Extracted data:
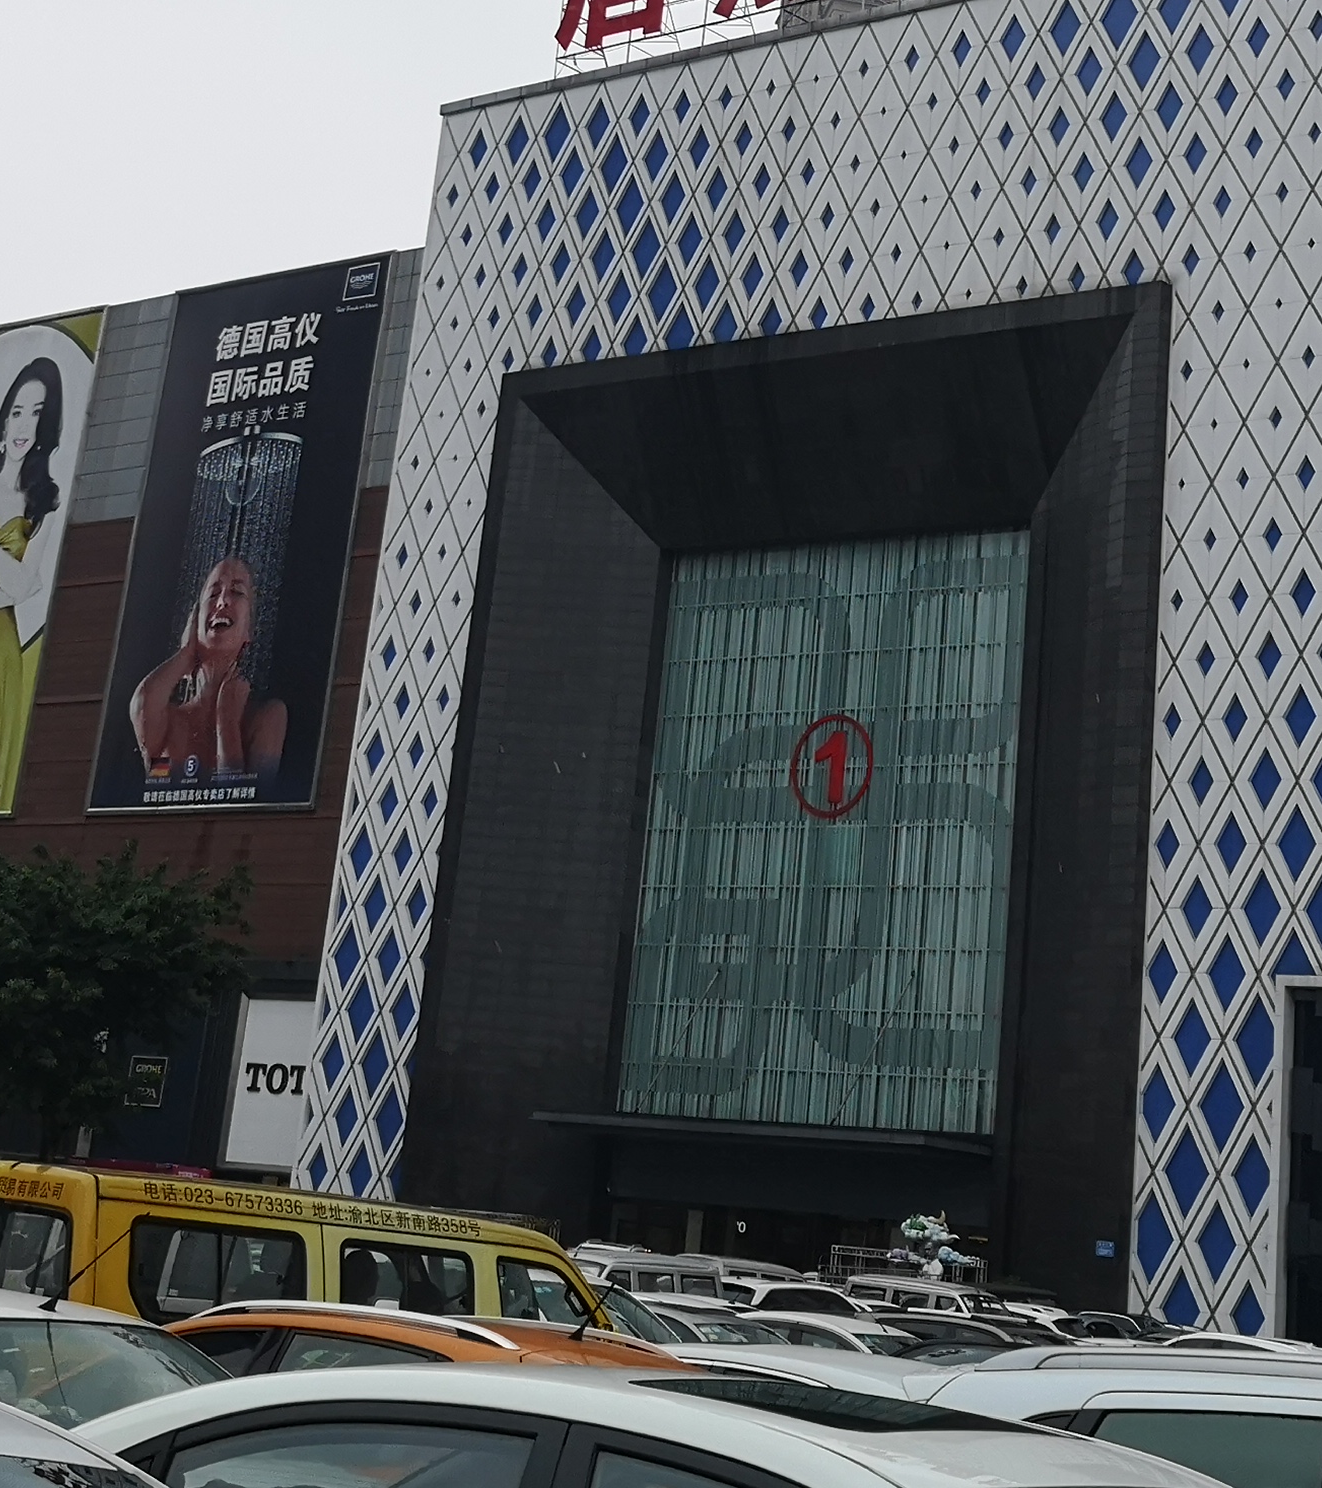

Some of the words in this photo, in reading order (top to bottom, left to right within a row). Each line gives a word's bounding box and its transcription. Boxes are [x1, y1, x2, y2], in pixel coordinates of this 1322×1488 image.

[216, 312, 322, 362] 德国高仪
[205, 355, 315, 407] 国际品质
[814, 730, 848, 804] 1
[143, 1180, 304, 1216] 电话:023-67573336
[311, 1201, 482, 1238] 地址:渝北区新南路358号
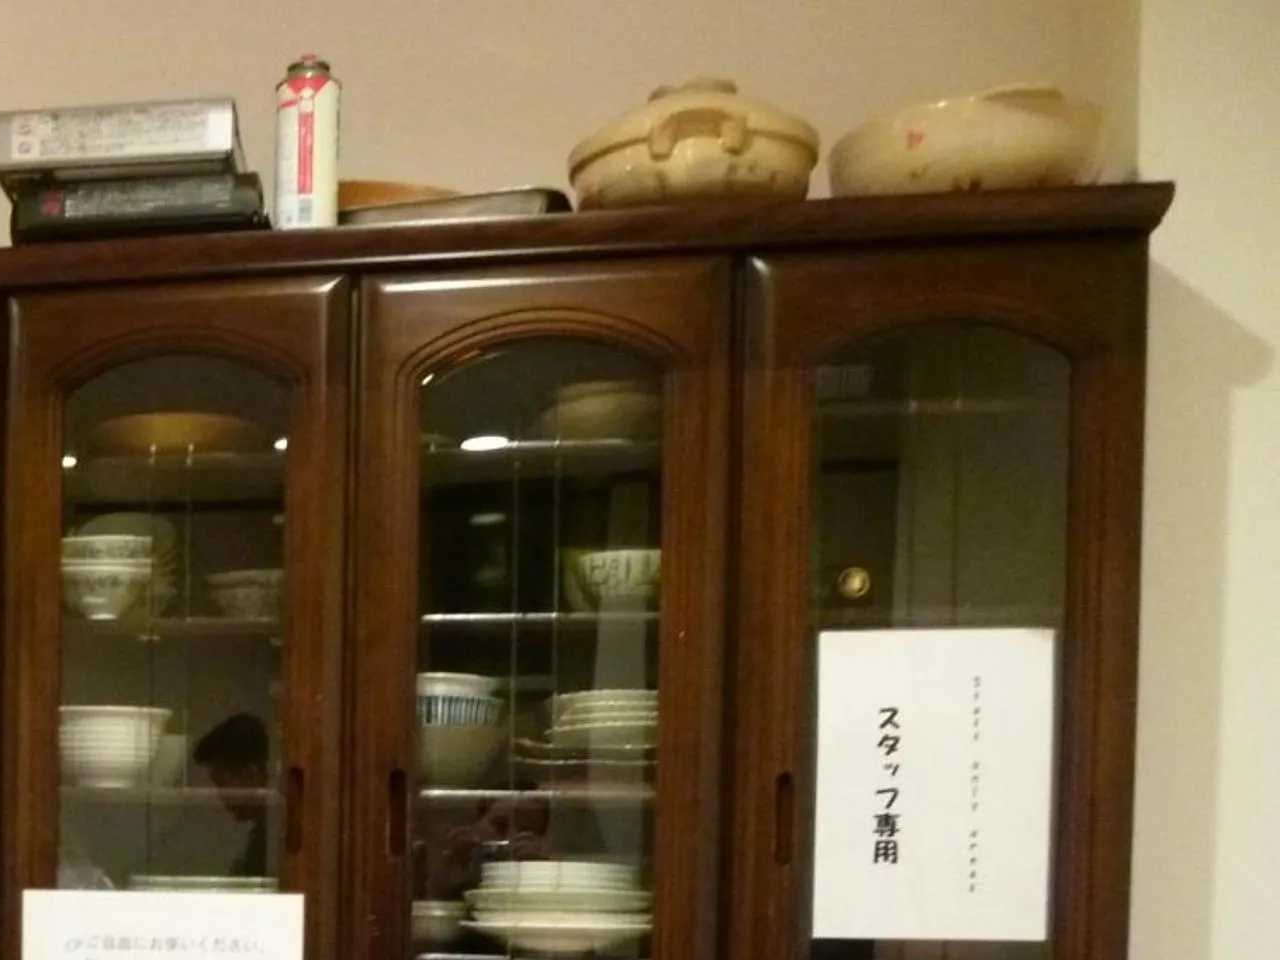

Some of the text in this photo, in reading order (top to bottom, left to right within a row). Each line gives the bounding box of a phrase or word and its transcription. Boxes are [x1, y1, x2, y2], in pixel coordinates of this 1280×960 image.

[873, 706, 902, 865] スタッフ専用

What is required:
Please repeat all of the data exactly as it stands, leaving the pictures out.

Written response:
Some of the words in this photo, in reading order (top to bottom, left to right within a row). Each line gives a word's bounding box and its transcription. Boxes are [x1, y1, x2, y2], in pixel coordinates of this 1322×1488 image.

[216, 312, 322, 362] 德国高仪
[205, 355, 315, 407] 国际品质
[814, 730, 848, 804] 1
[143, 1180, 304, 1216] 电话:023-67573336
[311, 1201, 482, 1238] 地址:渝北区新南路358号

Some of the text in this photo, in reading order (top to bottom, left to right within a row). Each line gives the bounding box of a phrase or word and its transcription. Boxes are [x1, y1, x2, y2], in pixel coordinates of this 1280×960 image.

[873, 706, 902, 865] スタッフ専用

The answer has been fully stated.